屈んで魔力を通しながら叩くと、あっさりと崩れ落ちた。
その先は――空間が歪んでしまっていて、よく、見えない。
「まさか、下層へのワープ?!」
異界がこうした罠を設置するとき、それは普通の罠と変わらず異界の一部である。
だからこうして崩落のあとが残っている、というのは奇妙だ。もしこれが本当に異界の罠であったのなら、次に通る人間を確実に罠に嵌めるために、完全に元通りになっていないとおかしい。

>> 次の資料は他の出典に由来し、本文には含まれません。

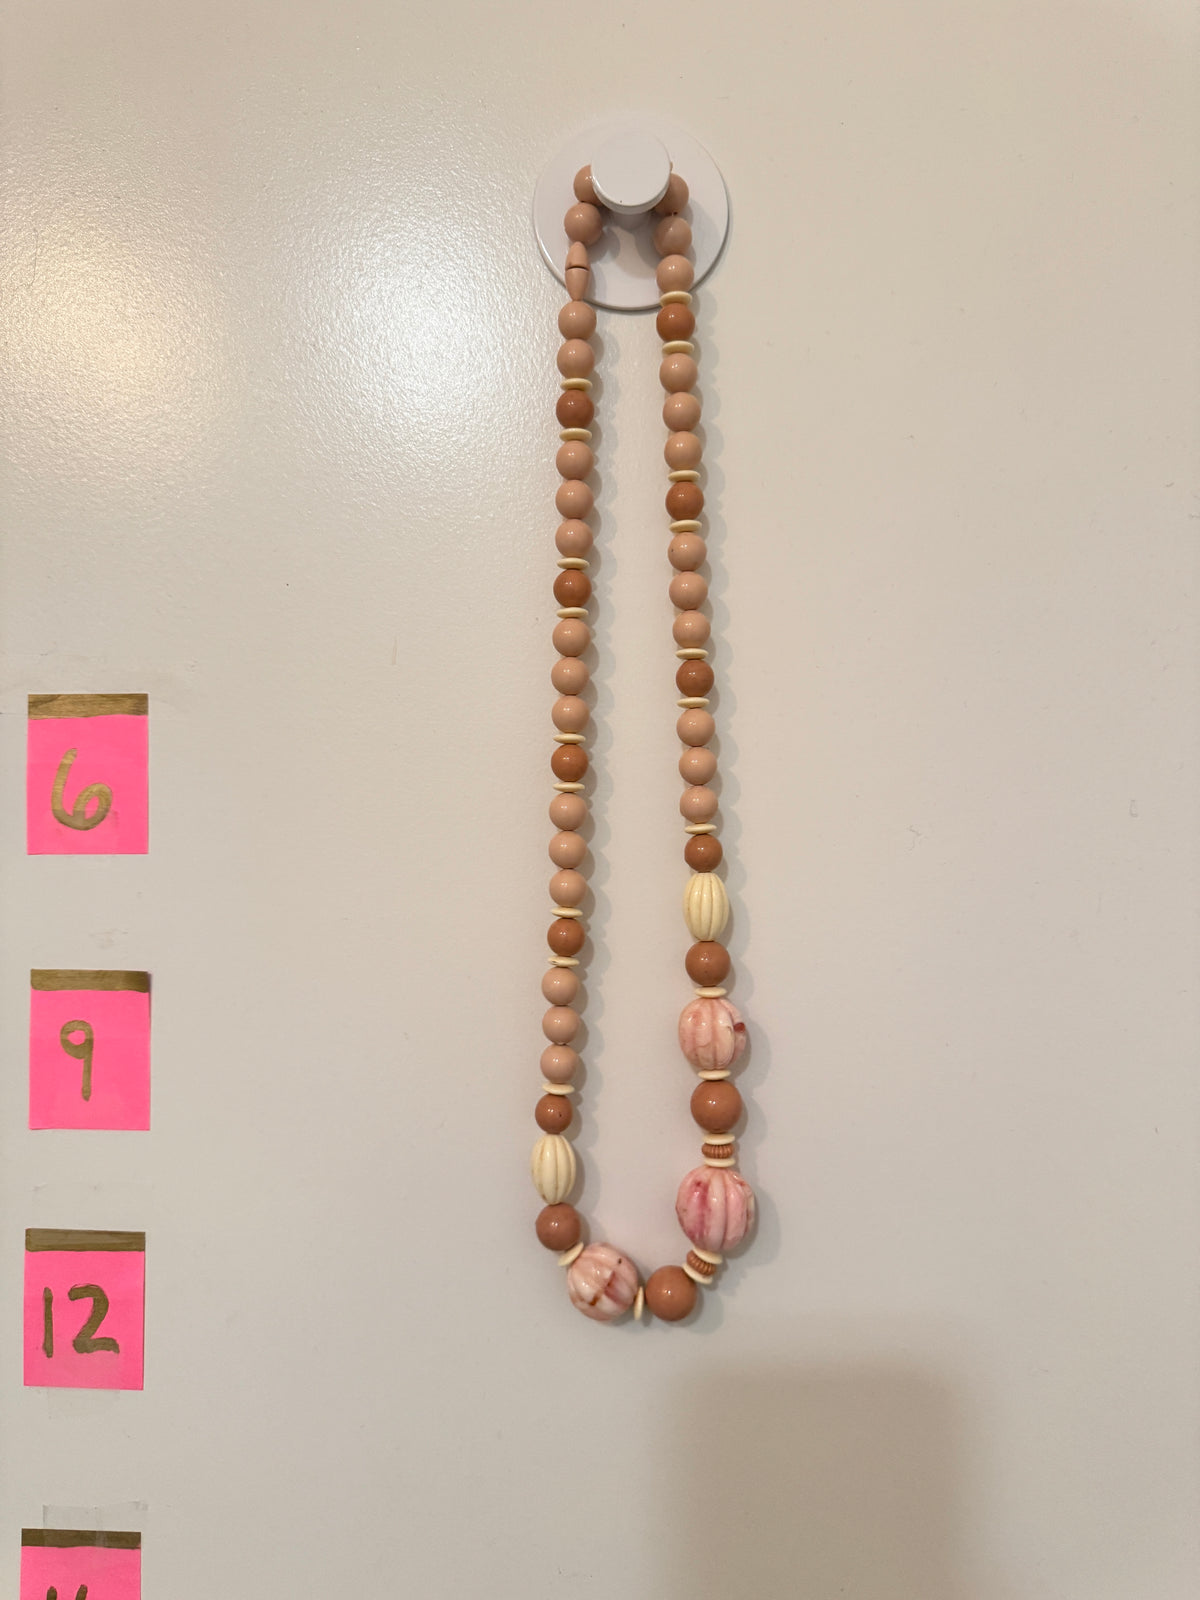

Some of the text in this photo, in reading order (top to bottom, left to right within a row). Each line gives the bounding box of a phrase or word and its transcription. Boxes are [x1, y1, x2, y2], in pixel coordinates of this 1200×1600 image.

[51, 748, 113, 831] 6
[60, 1019, 94, 1102] 9
[42, 1283, 120, 1358] 12
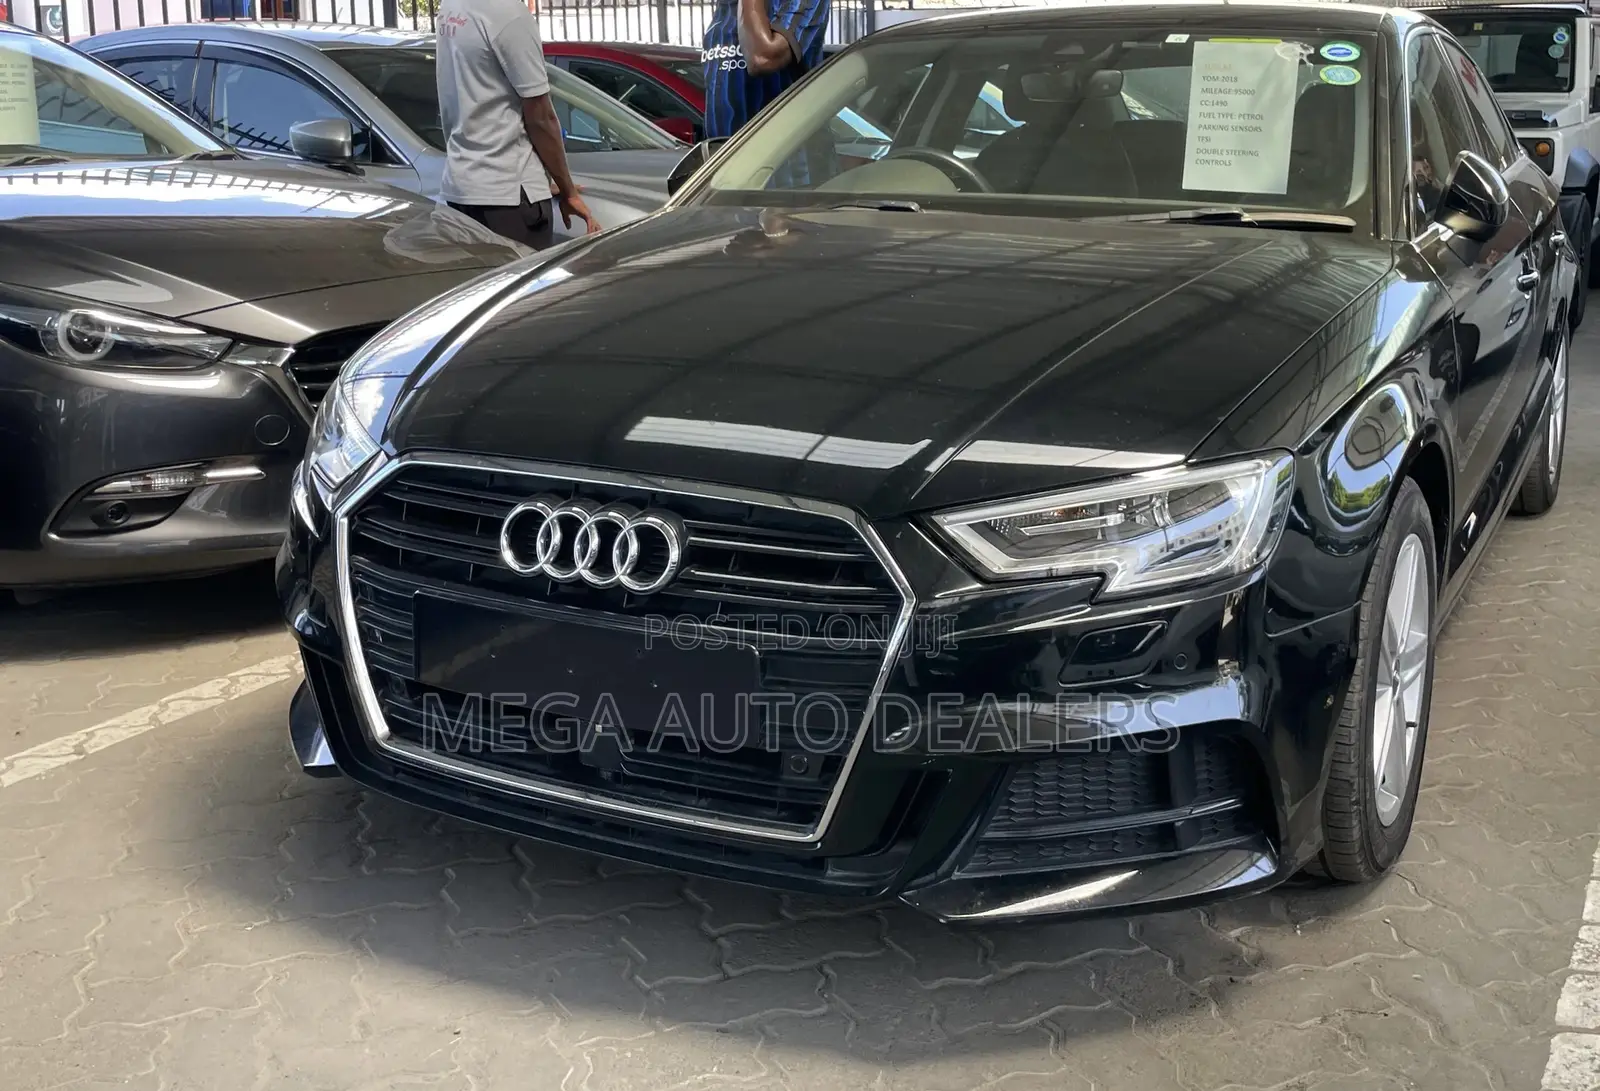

まぁ、人為的なものだったとして、どうすれば人為的に異界に干渉できるのやら……。
「ええ、未知。まずいわね……二十八階層よりも下だったら、目も当てられないわ」
「……イルレア」
私が名を呼ぶと、イルレアは薄く微笑んで、こくりと頷いてくれた。
「ええ、行きましょう」
「ありがとう」
「ふふ、気にしないで。私も“先生”だもの。放っておけないわ」
そう言ってくれたイルレアに頷いて、手を握って、下層を見据えて。
「行くわよ、未知!」
「ええ、イルレア!」
私たちはそう、遙か下層へと飛び込んでいった。